Der Bundespräsident der Bundesrepublik Deutschland leistet vor allem einen repräsentativen Beitrag zum Staatswesen. Er verfügt weder über ein Initiativrecht bei der Gesetzgebung, noch über Einflussmöglichkeiten bei der politischen Willensbildung. Dennoch bekleidet der Bundespräsident formell das höchste Amt im Staat. Derzeitiger Bundespräsident ist Frank-Walter Steinmeier.

Die verfassungsrechtlichen Grundlage für das Amt finden sich zwischen Artikel 54 und 61 des Grundgesetzes.

Die Aufgaben des Präsidenten beschränken sich im Wesentlichen auf:

  • (formelle) Prüfung von Gesetzen auf ihre Verfassungsmäßigkeit
  • Unterzeichnung von Gesetzen, womit diese in Kraft treten
  • Vorschlagsrecht für den Bundeskanzler (Art. 63 GG)
  • Ernennung und Entlassung des Bundeskanzlers (Art. 63, 67 GG)
  • Unterzeichnung von völkerrechtlichen Verträgen
  • Begnadigungen (Art. 60 Abs. 2 GG)
  • Ordensrecht des Bundes
  • Auflösung des Bundestages (Art. 63 Abs. 4 Satz 3, Art. 68 GG)

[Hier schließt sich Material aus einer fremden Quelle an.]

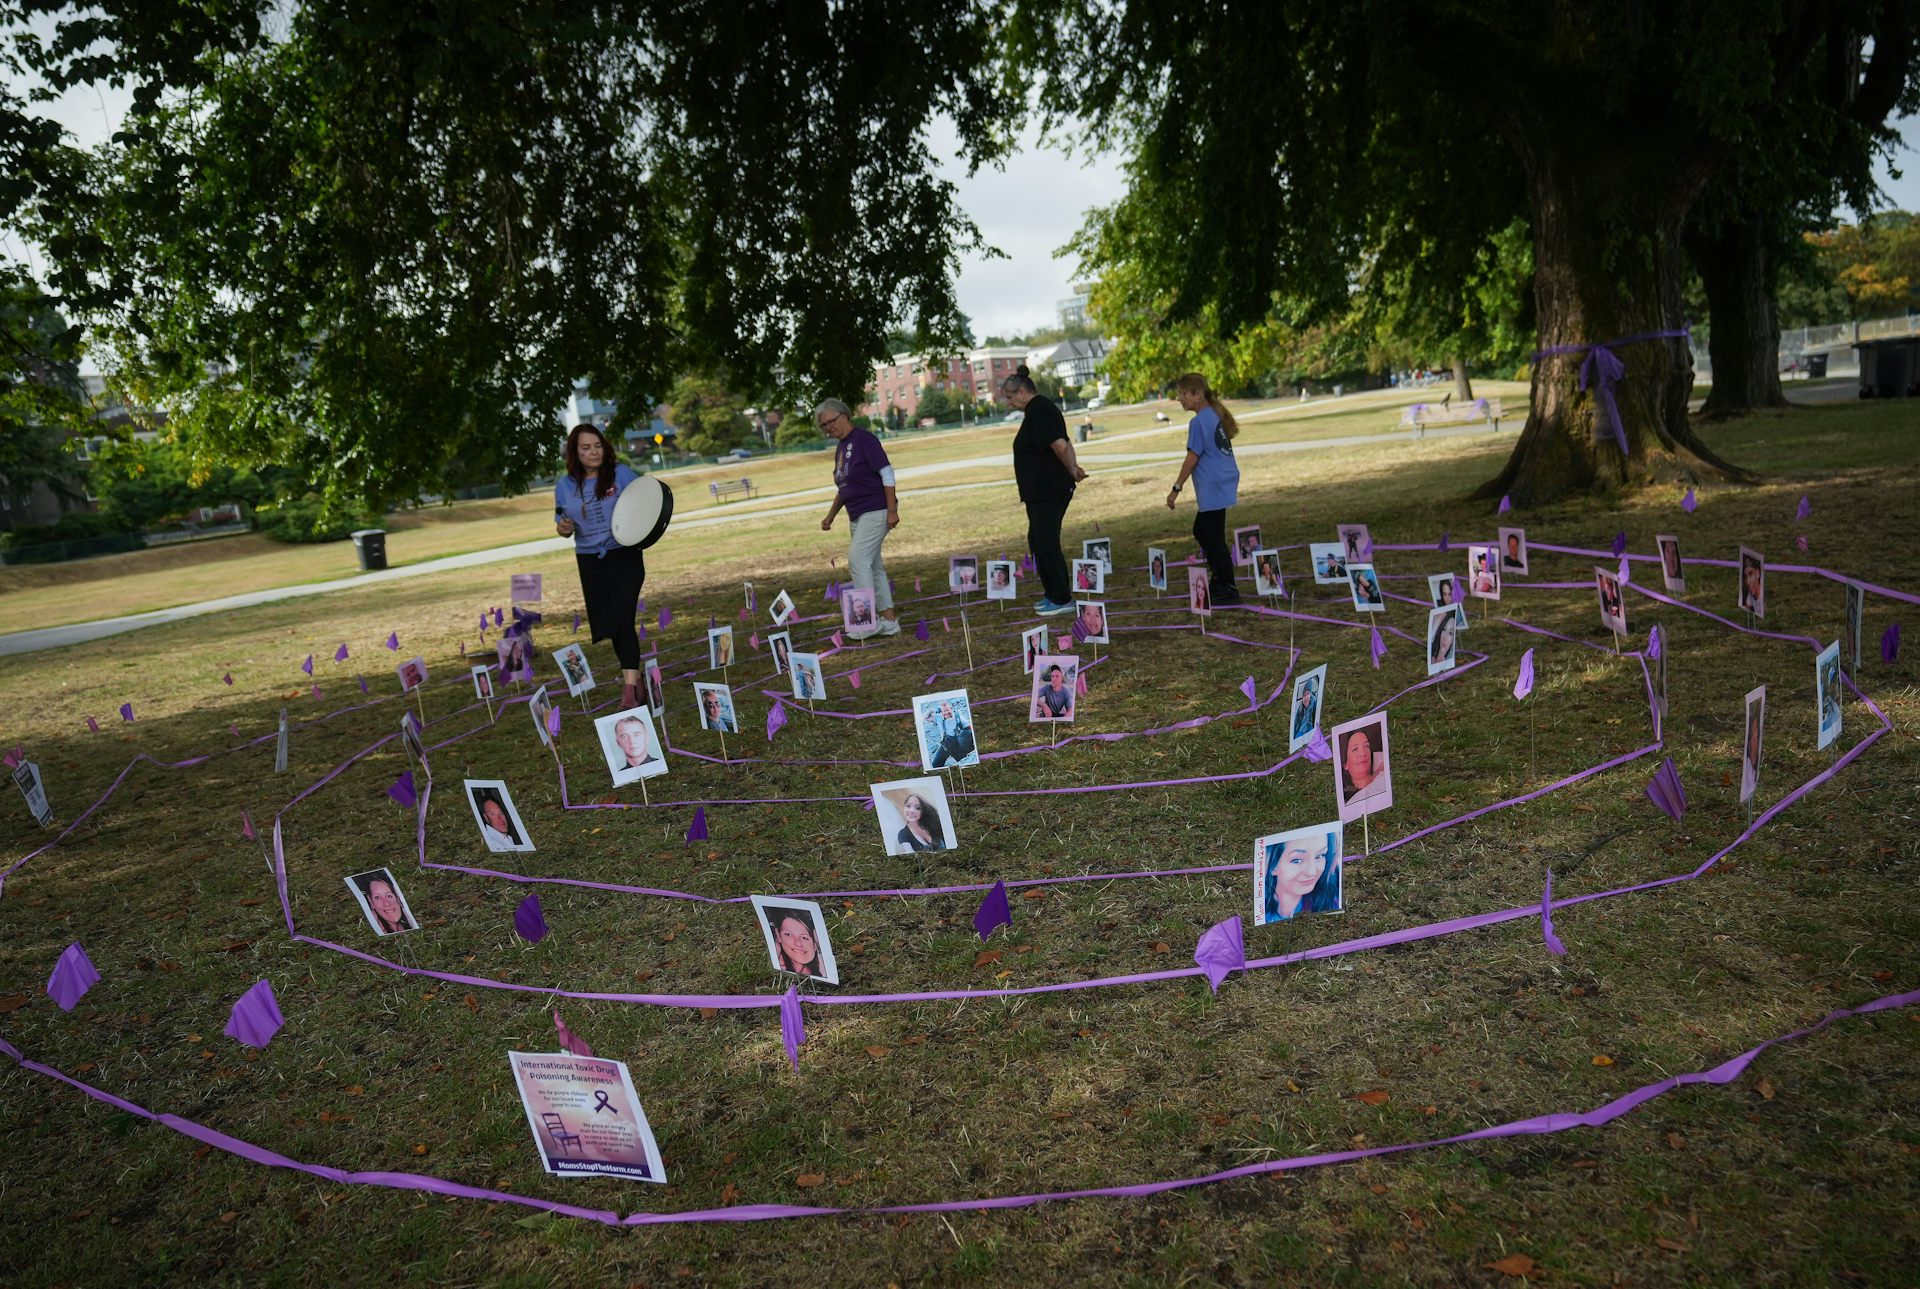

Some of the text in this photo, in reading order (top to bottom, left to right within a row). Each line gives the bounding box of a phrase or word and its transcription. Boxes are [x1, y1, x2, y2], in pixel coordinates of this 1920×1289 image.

Die Amtszeit des Bundespräsidenten beträgt fünf Jahre und er kann maximal einmal wiedergewählt werden. Seine Wahl findet durch die Bundesversammlung statt, die einzig zum Zwecke seiner Wahl zusammenkommt. Die Bundesversammlung besteht aus Personen verschiedenster Bereiche. Darunter können auch Prominente aus den Bereichen Sport oder Medien sein. Sie setzt sich paritätisch aus den Mitgliedern des Bundestags sowie aus Abgesandten der Bundesländer zusammen.